▶ **WHAT IS NEEDED**:
Would you print the data below exactly, leaving out every picture?

Free-text object descriptions:
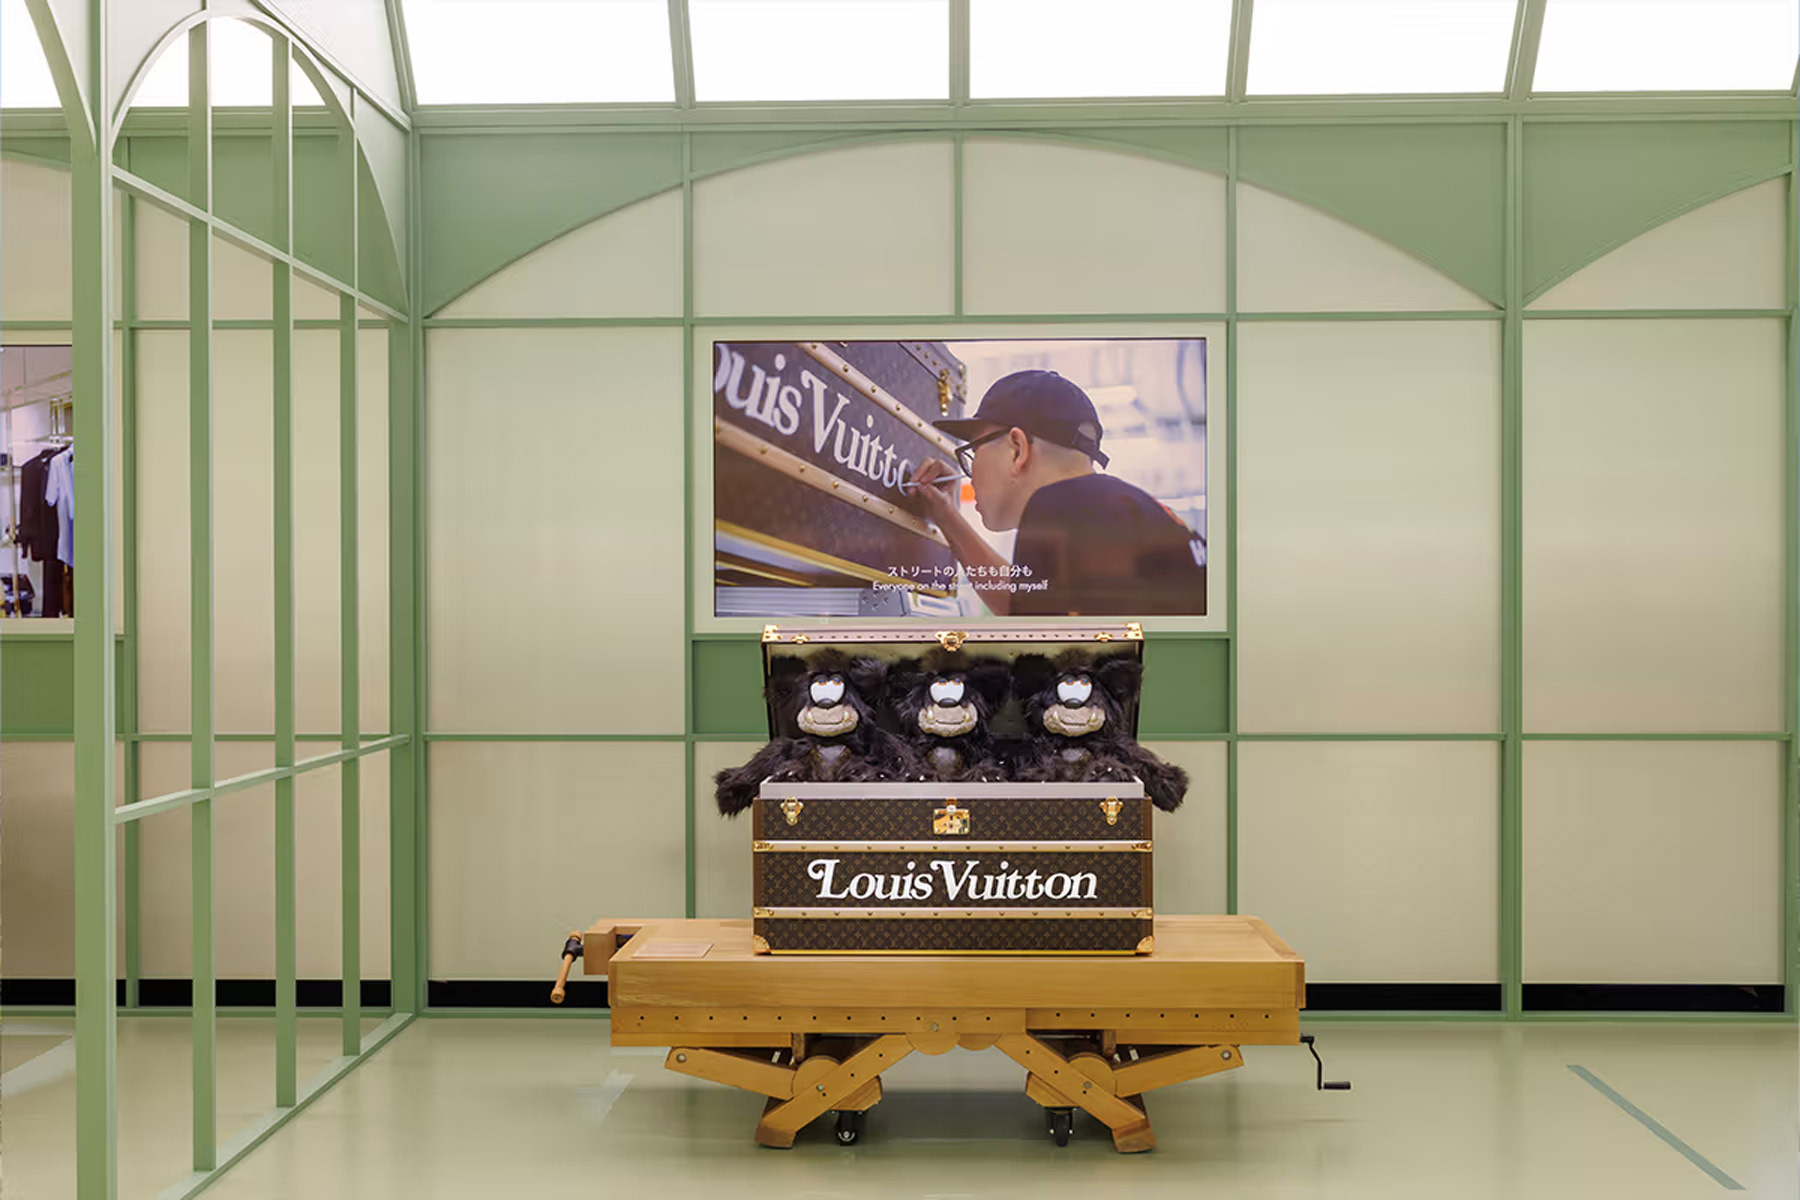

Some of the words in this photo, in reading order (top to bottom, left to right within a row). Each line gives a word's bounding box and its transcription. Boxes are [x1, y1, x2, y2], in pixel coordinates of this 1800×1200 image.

[872, 581, 915, 592] Everyone
[916, 583, 931, 591] on
[931, 580, 947, 591] the
[949, 580, 973, 591] strt
[975, 580, 1017, 593] including
[1018, 579, 1049, 593] myself
[807, 858, 934, 900] Louis
[929, 859, 1098, 901] Vuitton
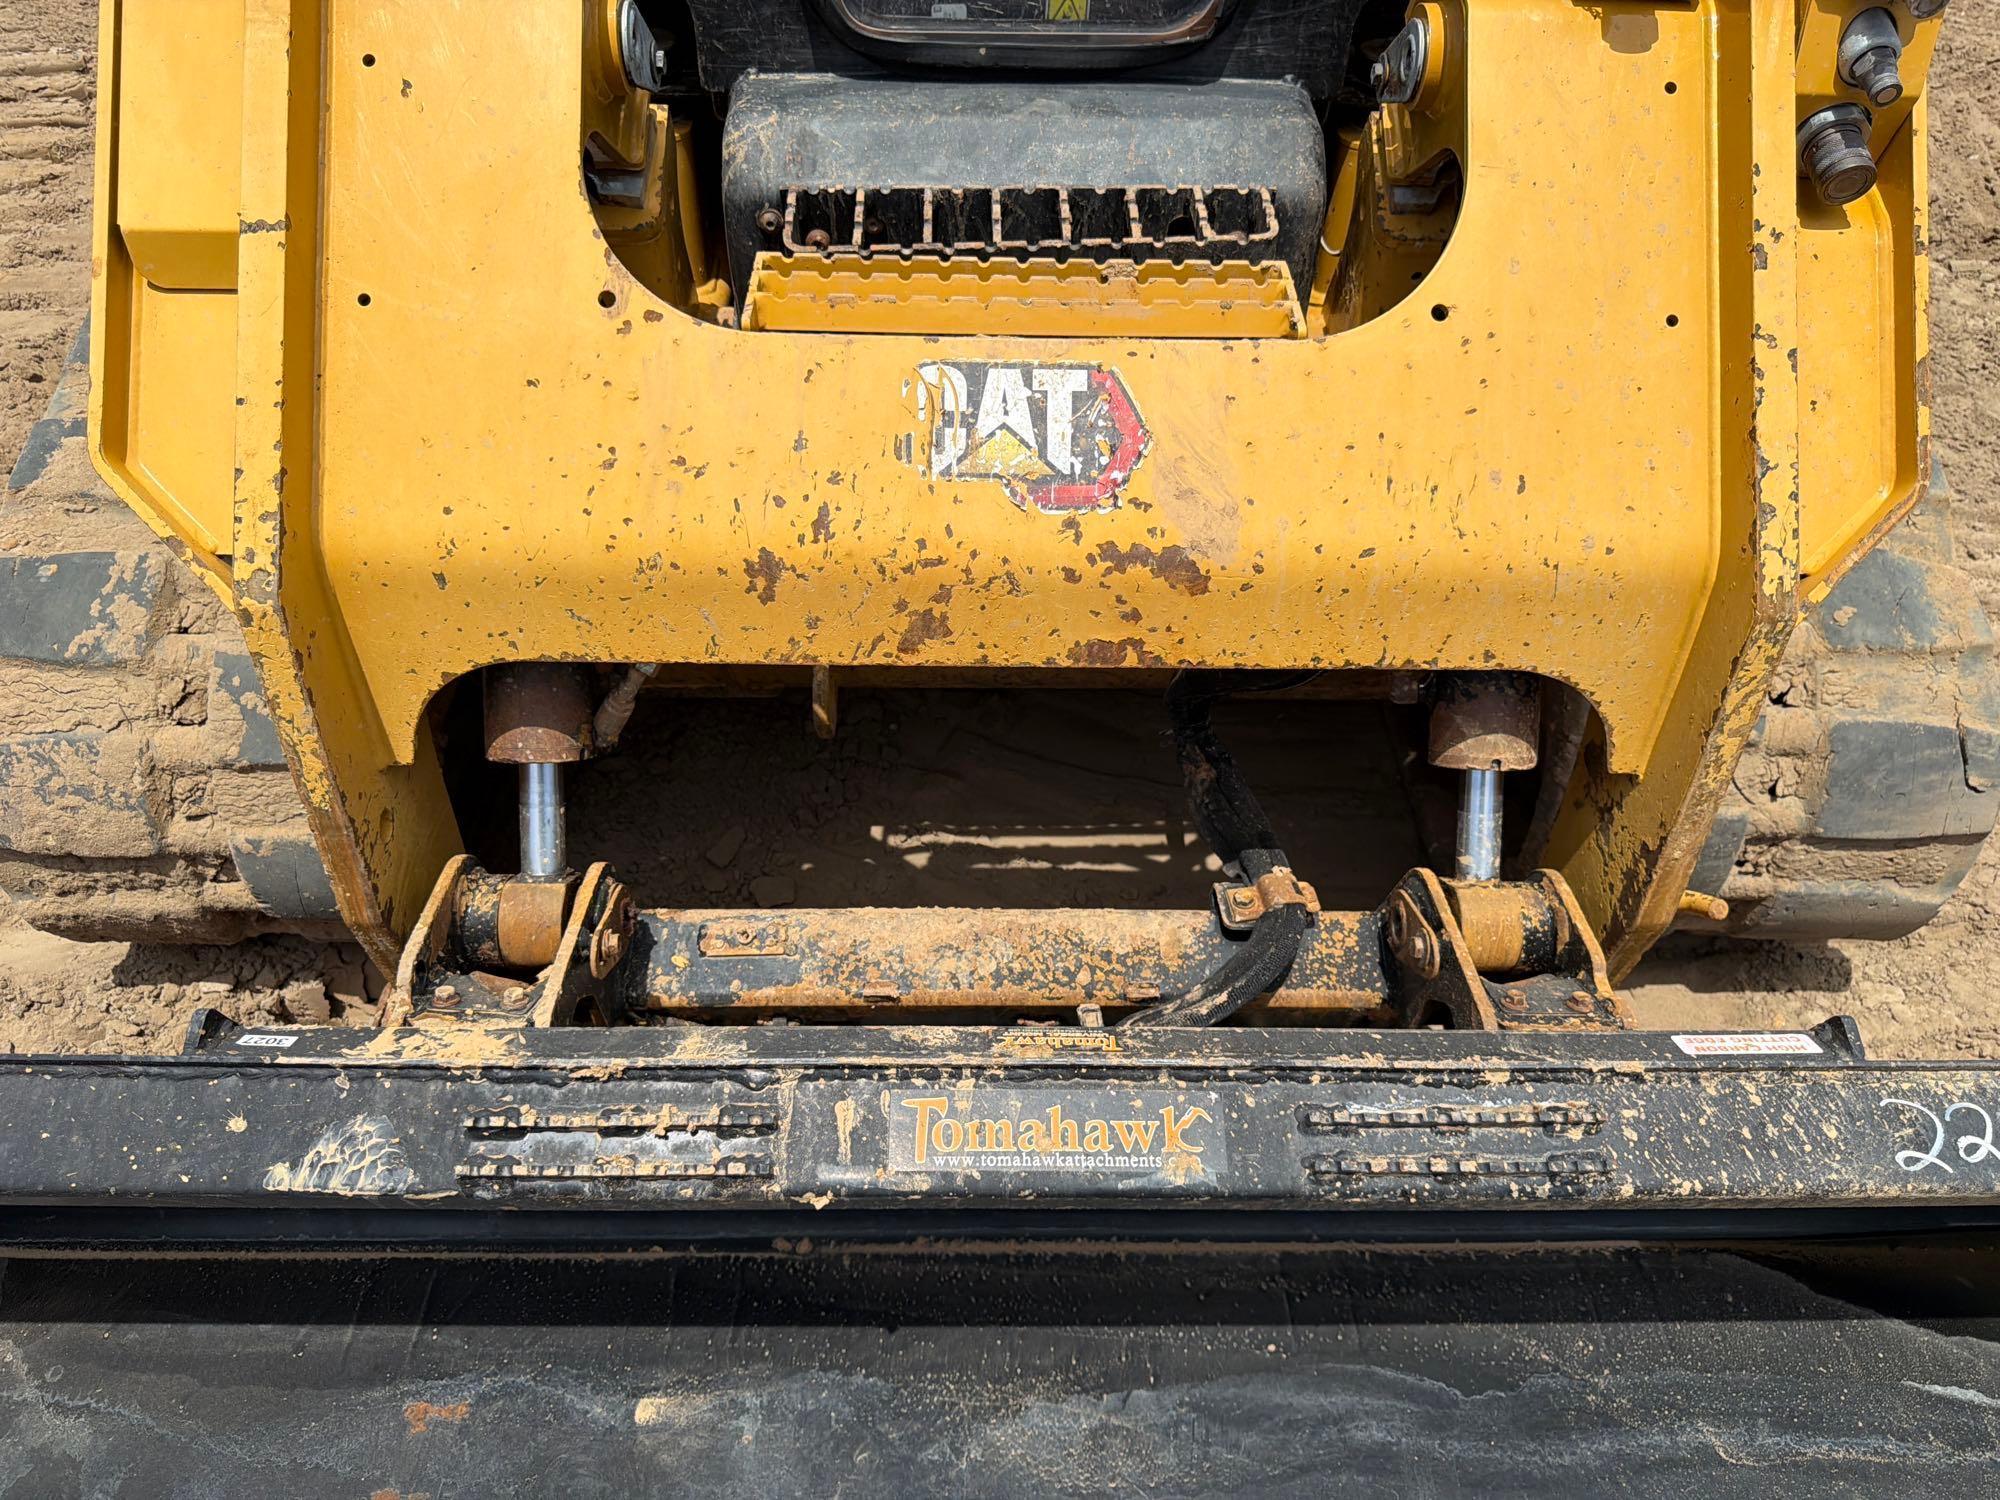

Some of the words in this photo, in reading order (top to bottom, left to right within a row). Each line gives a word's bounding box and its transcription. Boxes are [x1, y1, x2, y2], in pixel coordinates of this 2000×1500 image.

[242, 1036, 289, 1045] 3027
[1729, 1036, 1801, 1044] CUTTING
[1695, 1044, 1761, 1053] CARBON
[1879, 1098, 2000, 1174] 22
[932, 1151, 1203, 1169] www.tomahawkattachments.c
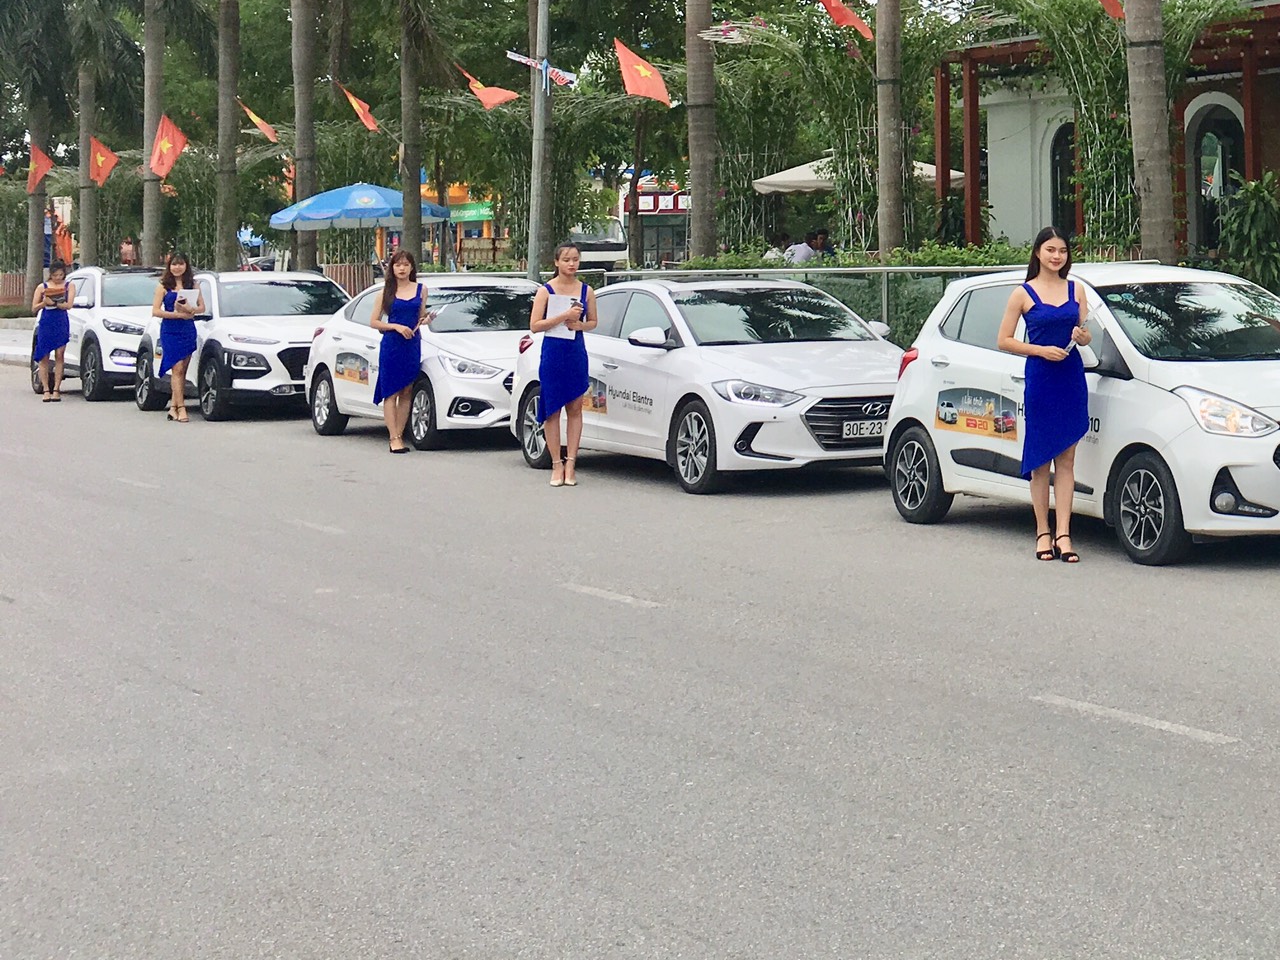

▶ **ANSWER TO THIS PROBLEM**:
Some of the words in this photo, in reading order (top to bottom, left to right within a row). Each line gives a word's bounding box and its transcription. Boxes are [x1, y1, x2, y2], in pixel coordinates of this 1800×1200 image.

[872, 581, 915, 592] Everyone
[916, 583, 931, 591] on
[931, 580, 947, 591] the
[949, 580, 973, 591] strt
[975, 580, 1017, 593] including
[1018, 579, 1049, 593] myself
[807, 858, 934, 900] Louis
[929, 859, 1098, 901] Vuitton

Some of the words in this photo, in reading order (top to bottom, left to right within a row). Each line gives a word's bounding box and its transcription. Boxes are [x1, y1, x2, y2], in pixel coordinates of this 2000×1500 image.

[242, 1036, 289, 1045] 3027
[1729, 1036, 1801, 1044] CUTTING
[1695, 1044, 1761, 1053] CARBON
[1879, 1098, 2000, 1174] 22
[932, 1151, 1203, 1169] www.tomahawkattachments.c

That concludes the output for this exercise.